General response characteristics.

Responses to exemplars of the four prototypical taste qualities were recorded from 44 PbN cells. Thirty-nine of 44 cells were tested with multiple trials of each stimulus (range = 2 to 26 trials; mean = 11.8 ± 1.13; median = 10). The average spontaneous rate across all cells was 3.9 ± 0.6 spikes per second. When cells were categorized by the stimulus that evoked the highest magnitude of response, 28 cells were NaCl best, 7 cells were HCl best, 5 cells were quinine best, and 4 cells were sucrose best. The average response magnitudes to the four taste stimuli (±SE) were as follows: sucrose, 5.65 ± 1.15; NaCl, 20.13 ± 2.47; HCl, 11.10 ± 1.70, and quinine, 10.74 ± 1.64. The mean breadth of tuning across taste stimuli as quantified by the Uncertainty measure was U = 0.78 ± 0.02 with a range of U = 0.32 to U = 0.99.

Variability in response magnitude with repeated presentations of a given stimulus was assessed by calculating the coefficient of variation (CV; SD/mean). The mean CV across tastants in all cells was 0.45 ± 0.04. Levels of variability across trials were similar for all tastants tested: the CV for NaCl = 0.41 ± 0.07, for HCl = 0.49 ± 0.09, for quinine = 0.43 ± 0.06, and for sucrose = 0.49 ± 0.06. A one-way ANOVA applied to these data showed no significant effects of stimulus [F(3,123) = 0.31; P > 0.05]. Across cells and stimuli, the average CV for the best stimulus of a cell (0.31 ± 0.04) was significantly smaller (P < 0.01, Student's t-test) than the average CV for non-best stimuli (CV = 0.54 ± 0.05). This reflected the fact that taste stimuli that evoked higher response magnitudes showed relatively less variability across trials than those that evoked smaller responses as evidenced by a significant negative correlation between response magnitude and CV (r = −0.49; P < 0.001).

Temporal coding of taste stimuli.

Twenty-nine cells tested with seven or more trials of each taste stimulus were analyzed for temporal coding.
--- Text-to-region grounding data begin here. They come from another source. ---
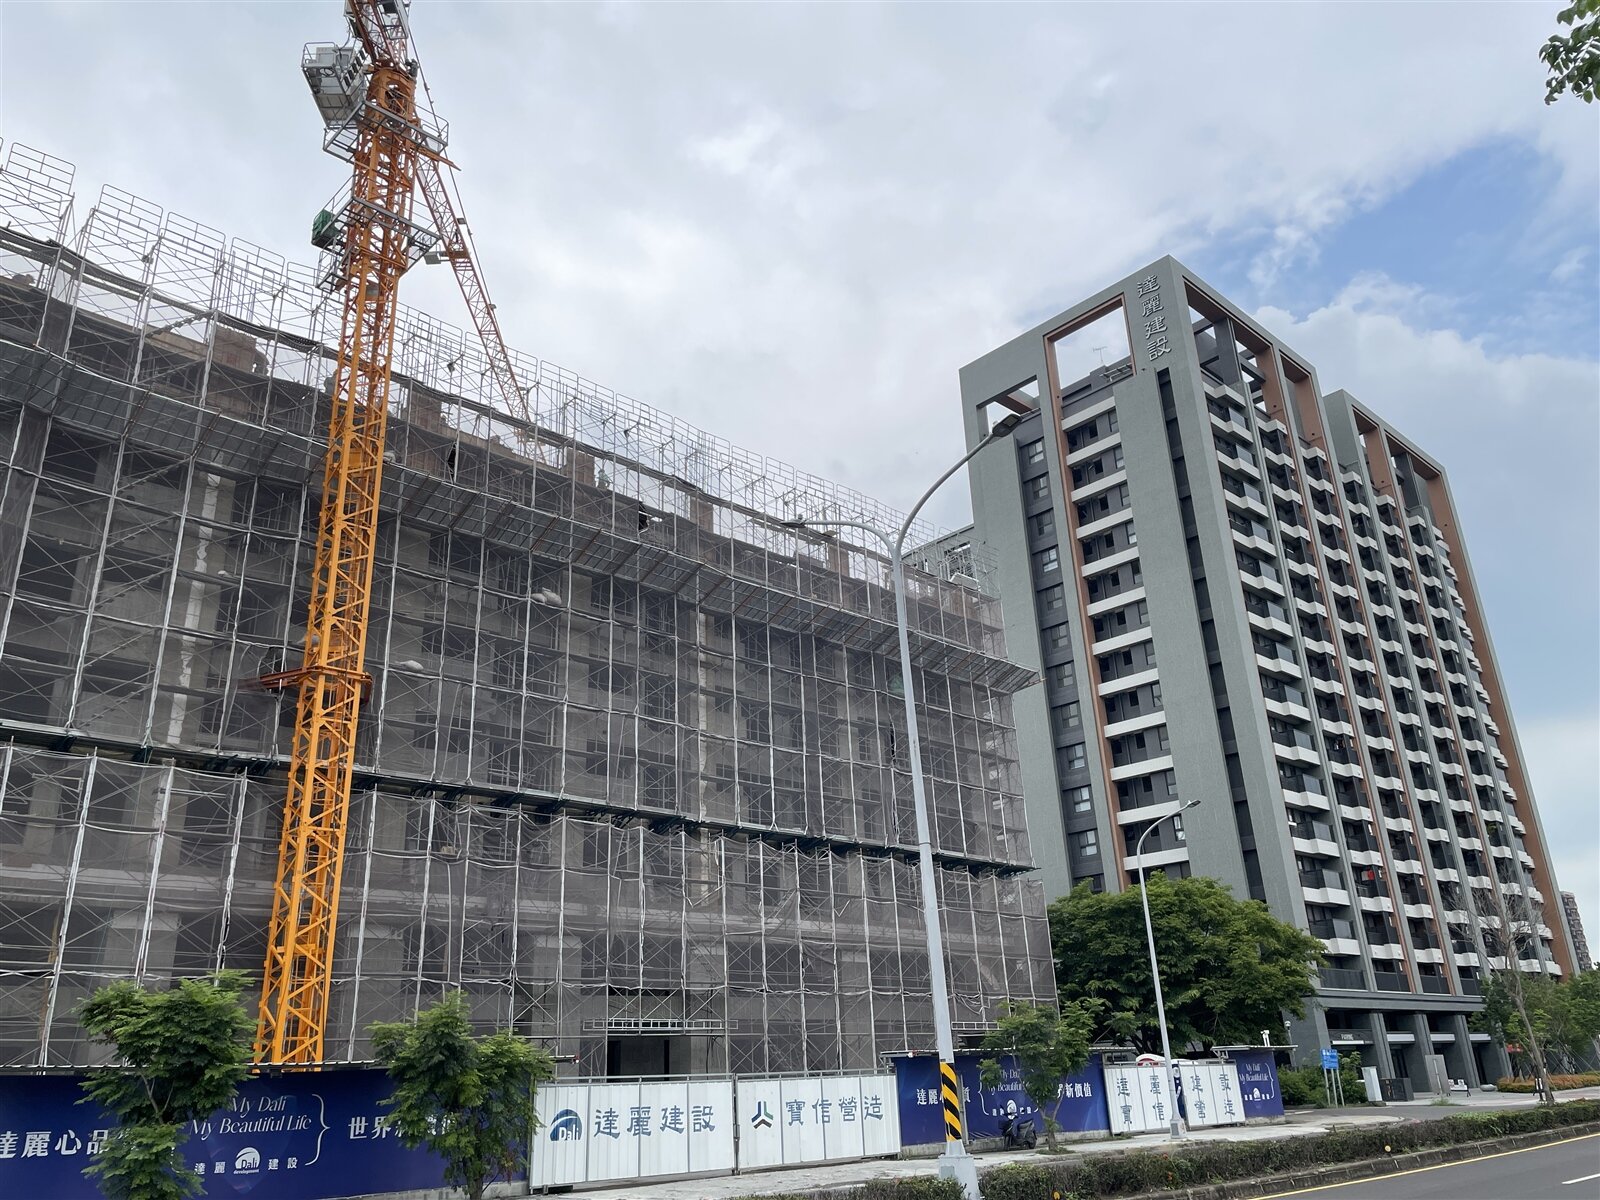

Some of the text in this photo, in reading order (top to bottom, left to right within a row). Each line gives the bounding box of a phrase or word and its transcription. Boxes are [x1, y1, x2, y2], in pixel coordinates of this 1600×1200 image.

[1136, 274, 1172, 361] 達麗建設
[257, 1095, 287, 1113] Dali
[785, 1094, 884, 1127] 寶信營造
[189, 1114, 312, 1141] My Beautiful Life
[593, 1104, 716, 1140] 達麗建設
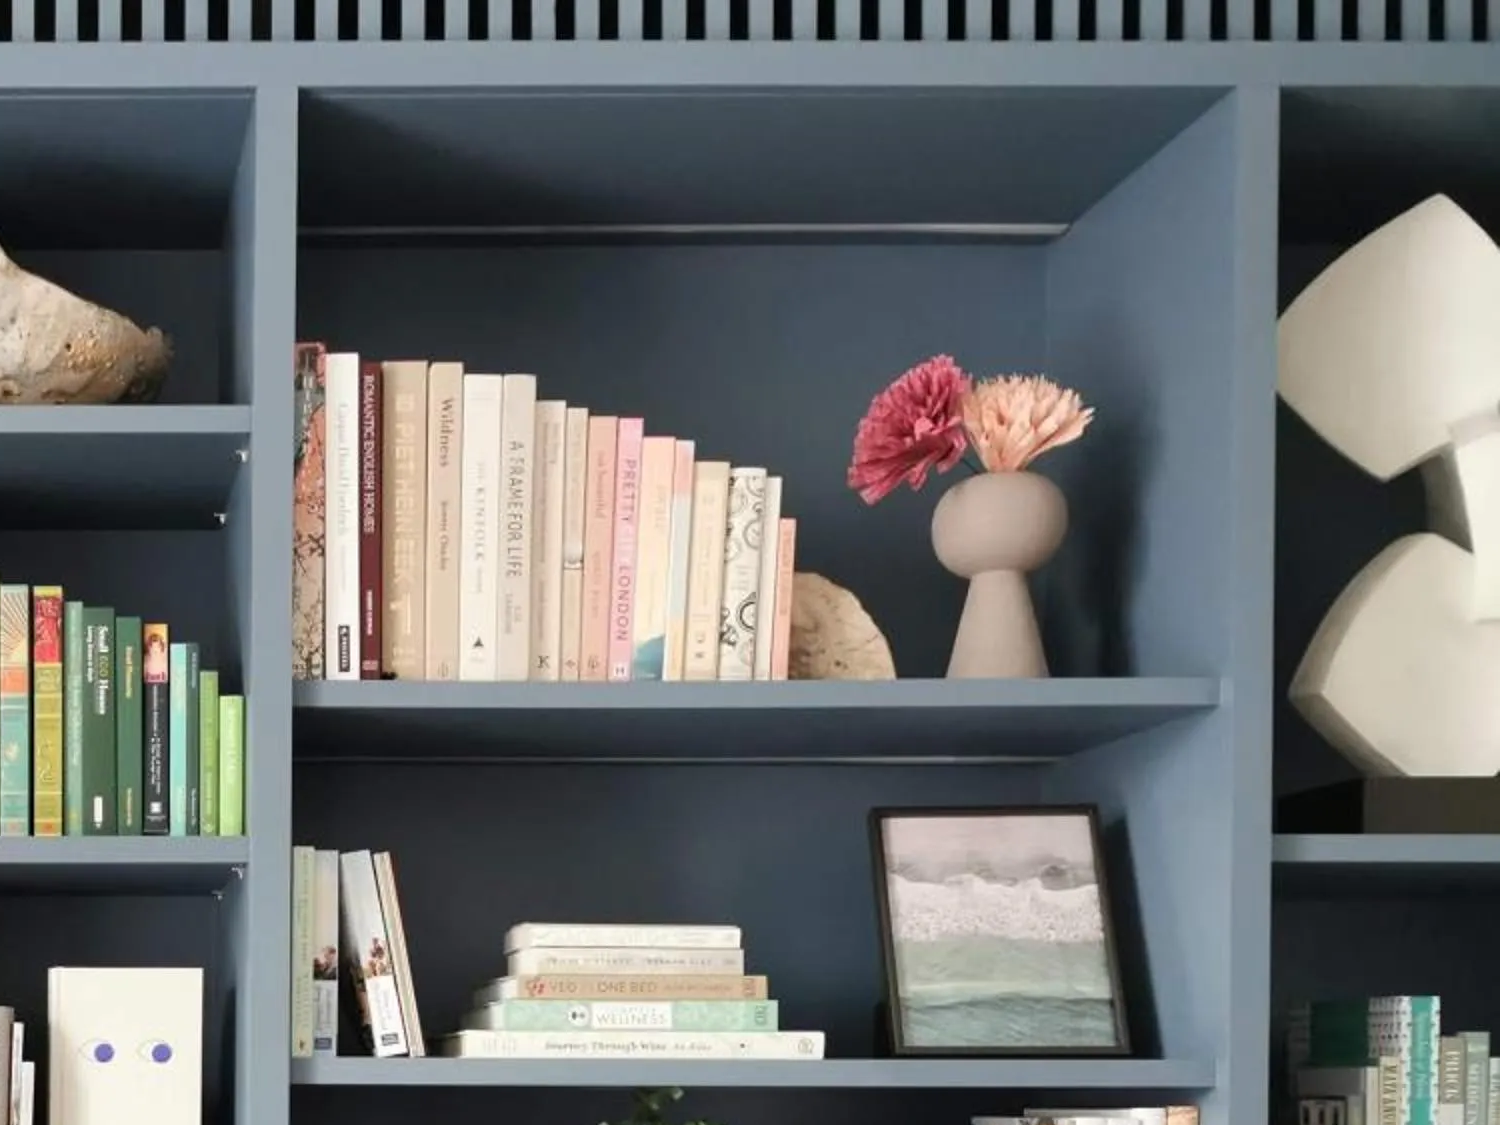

This number of trials per stimulus was the minimum number that would provide meaningful results using metric space analyses. The amount of information (in bits) conveyed by spike timing was compared with that provided by spike count alone (Hcount). The maximum information possible was two bits, corresponding to perfect discrimination among four distinct stimuli. Information conveyed by spike timing conveyed more information than spike count alone in 28 of 29 cells as shown in Fig. 1. When the maximum information conveyed by spike timing (Hmax) was no greater than the information conveyed by the exchange-resampled control +2 SD, then the rate envelope (time course) of the response, rather than precise spike timing is the informative characteristic of the cell's responses. This was observed in 14 (of 29, 48%) cells. When Hmax is greater than the value of the exchange-resampled control +2 SD, then there is a significant contribution of spike timing to the information conveyed by the responses. This occurred in the remaining 14 cells (of 29, 48%). There was one cell where spike count alone conveyed more information than spike timing or the rate envelope of the response.

Fig. 1.

Fig. 1.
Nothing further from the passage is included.